In small-town Virginia - Scott County, Gate City -
the Republican candidate for governor (Jerry Kilgore) and his twin
brother (Terry Kilgore, who is running for re-election to his representative
office) the mother of the twins is the registrar for the county
and has been since 1979. At one point, in mid 1980's, Kilgore was
replaced when a Democratic group won elections in the city and county.
She sued and won her registrar position. She has employed her sister
for years, and her niece or another relative.
Now the problem is there has been a lawsuit by the mayor of Gate City
claiming all sorts of chicanery that took place during the recent election.
For the first time in Virginia history, a town council was unseated by a court
and a new town council was named by said court. The new town council
appointed the mayor - the person who filed the lawsuit. Now mind you,
the mayor is not a Democrat. He too is a Republican. But he was fed up
with the nepotism, the criminal activity involved with payments for votes
and with "messing with" absentee ballots to fix the election.

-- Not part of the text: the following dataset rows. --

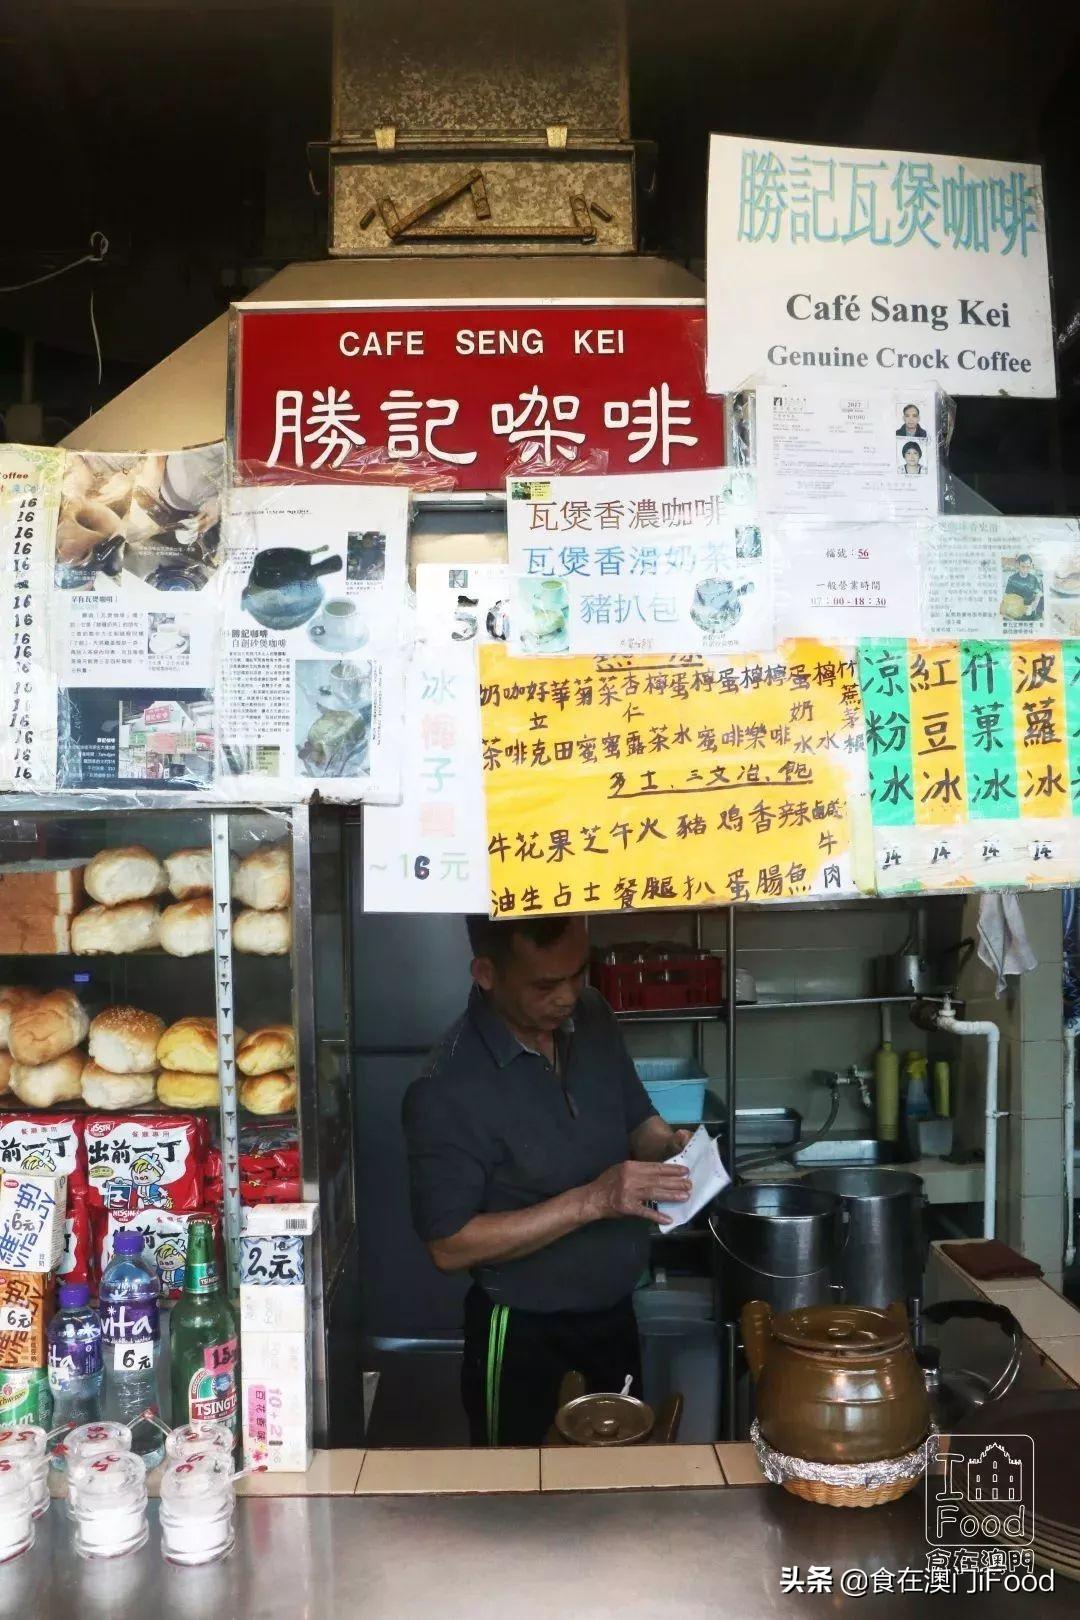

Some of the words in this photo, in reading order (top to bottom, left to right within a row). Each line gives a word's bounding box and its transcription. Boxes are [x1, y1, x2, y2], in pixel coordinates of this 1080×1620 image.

[737, 150, 1038, 257] 勝記瓦煲咖啡
[786, 293, 861, 321] Café
[872, 295, 948, 331] Sang
[958, 298, 1011, 328] Kei
[339, 331, 425, 356] CAFE
[455, 329, 545, 355] SENG
[574, 329, 625, 354] KEI
[767, 345, 869, 367] Genuine
[876, 347, 950, 369] Crock
[957, 349, 1032, 373] Coffee
[14, 526, 34, 540] 16
[13, 542, 33, 556] 16
[13, 595, 32, 609] 16
[14, 614, 33, 627] 16
[14, 645, 32, 659] 16
[910, 653, 962, 804] 紅豆冰
[14, 767, 32, 779] 16
[88, 1138, 182, 1165] 出前一丁
[248, 1246, 297, 1280] 2元
[7, 1310, 31, 1329] 6元
[100, 1305, 152, 1338] vita
[122, 1349, 151, 1370] 6元

The lawsuit will no doubt linger in court until after Ms. Kilgore's sons are
elected to office, at which time the governor will find mommy not guilty or
will pardon her of all charges.
She has refused to step down, and now we have the "new" computerized voting machines
and there is no paper trail.
Her deception is complete. She can fix the election at her leisure and no one will know.
The problem is the whole mess has stayed on the local scene.

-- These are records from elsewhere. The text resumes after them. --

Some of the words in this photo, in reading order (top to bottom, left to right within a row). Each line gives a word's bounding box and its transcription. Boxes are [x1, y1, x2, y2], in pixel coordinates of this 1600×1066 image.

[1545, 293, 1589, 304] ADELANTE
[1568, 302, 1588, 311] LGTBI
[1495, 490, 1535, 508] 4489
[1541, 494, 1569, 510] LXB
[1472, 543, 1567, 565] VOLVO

Had this been a Democrat running for governor I believe this would never have gotten
this far.
Strangely enough, the registrar's office is adjacent to the DMV
and the DMV's cameras have caught much of the criminal activity on tape.
Even so, Kilgore has denied any wrongdoing and has been able to get away with it.
I think something should be done, but since I work at a local newspaper -
a strong Republican and conservative paper - I am not allowed to get involved
with local politics.
No one is brave enough locally to bring this to the attention of the state-level
authorities.
Any suggestions?
Thanx.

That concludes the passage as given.